# [Collected data]
★ ★ ★ ★

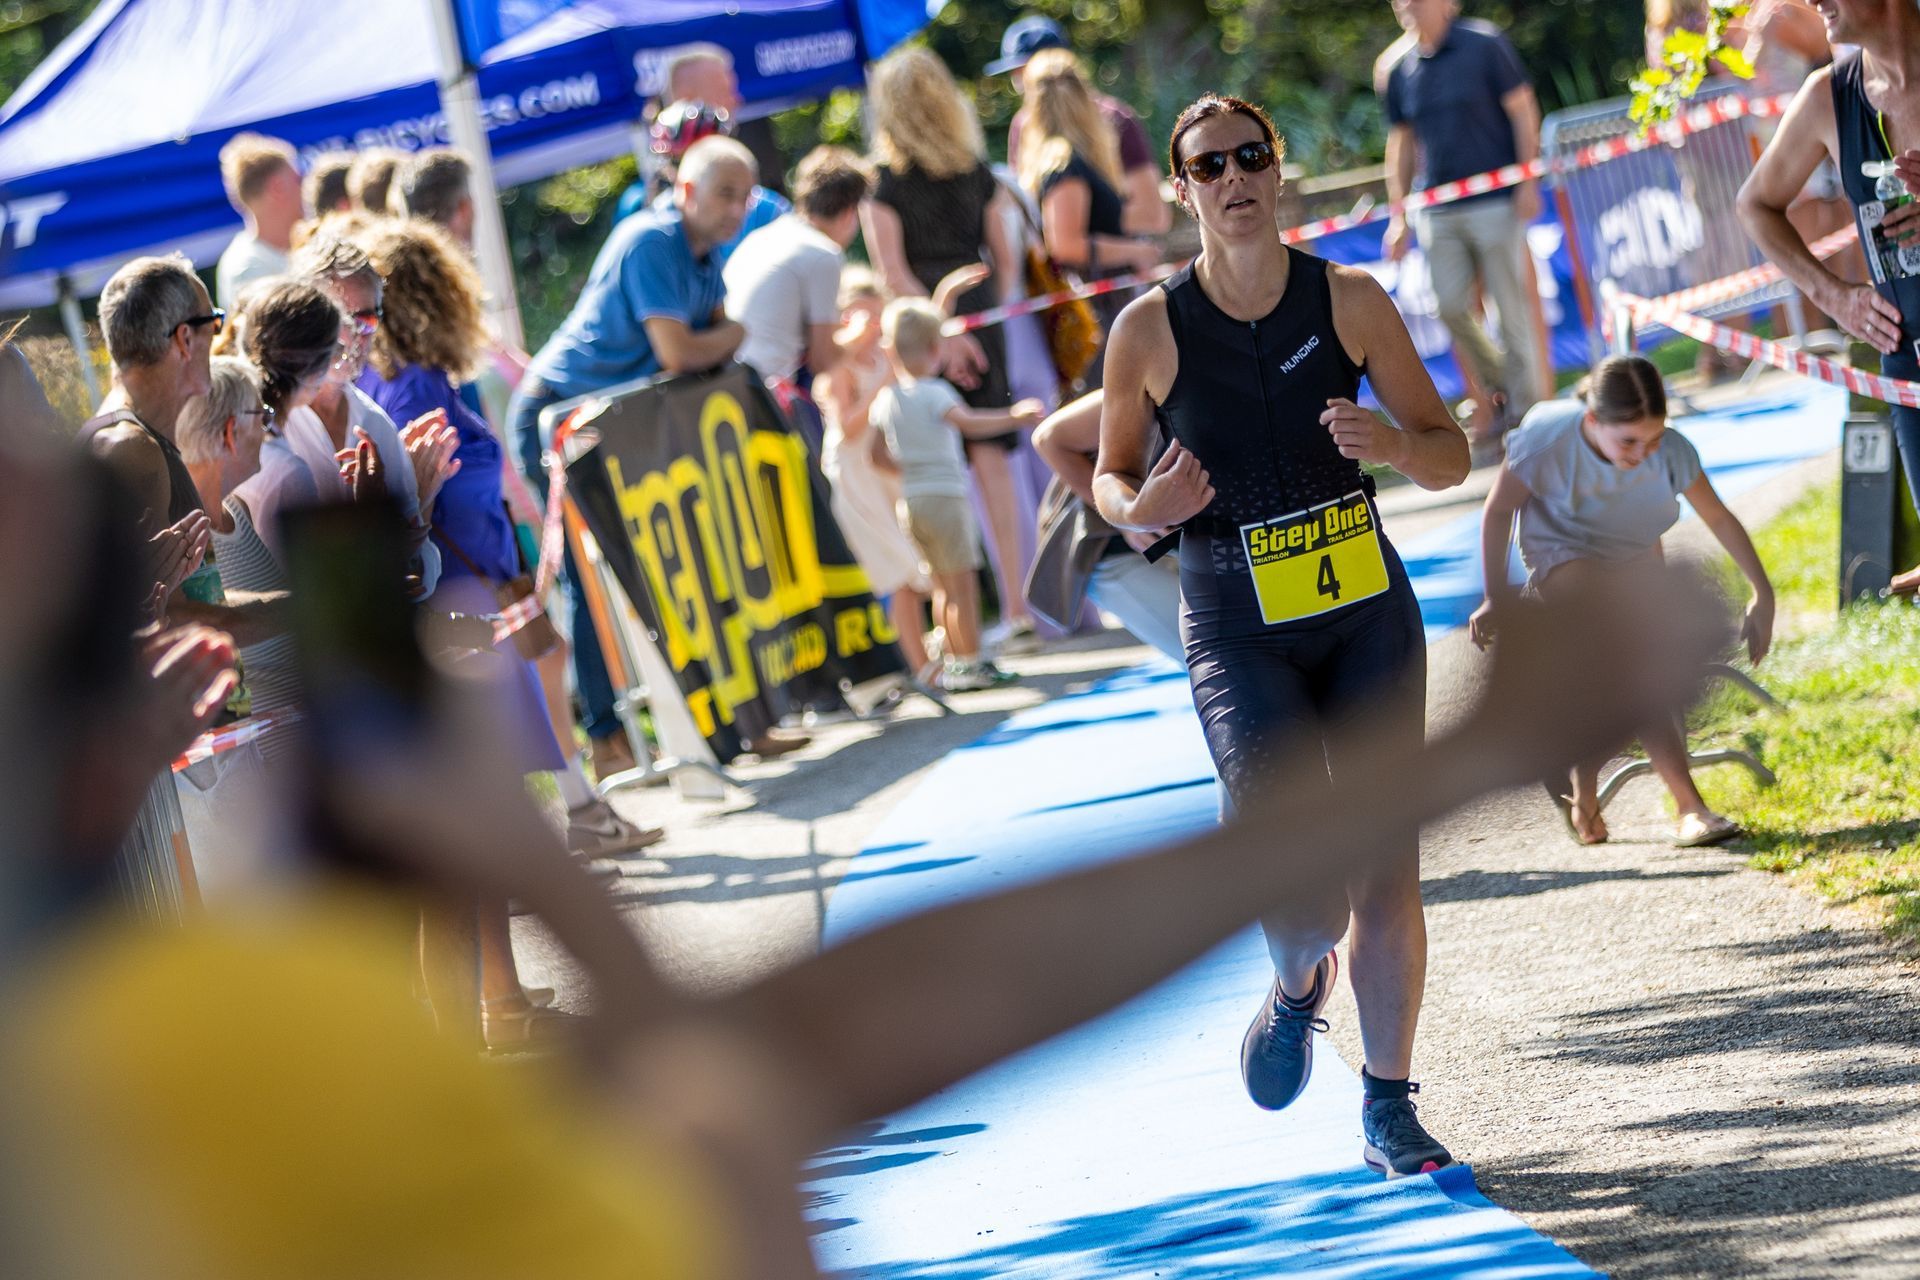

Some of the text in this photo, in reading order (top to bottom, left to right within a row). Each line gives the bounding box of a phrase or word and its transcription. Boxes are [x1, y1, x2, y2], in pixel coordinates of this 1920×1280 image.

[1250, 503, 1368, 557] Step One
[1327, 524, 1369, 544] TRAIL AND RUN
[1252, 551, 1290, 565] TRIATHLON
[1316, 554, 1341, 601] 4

★ ★ ★ ★

# [What you should do]
Transcribe all of the entries word for word, but skip any pictures they contain.

# [Answer to this exercise]
Some of the text in this photo, in reading order (top to bottom, left to right within a row). Each line gives the bounding box of a phrase or word and its transcription. Boxes are [x1, y1, x2, y2], in pixel coordinates of this 1920×1280 image.

[1250, 503, 1368, 557] Step One
[1327, 524, 1369, 544] TRAIL AND RUN
[1252, 551, 1290, 565] TRIATHLON
[1316, 554, 1341, 601] 4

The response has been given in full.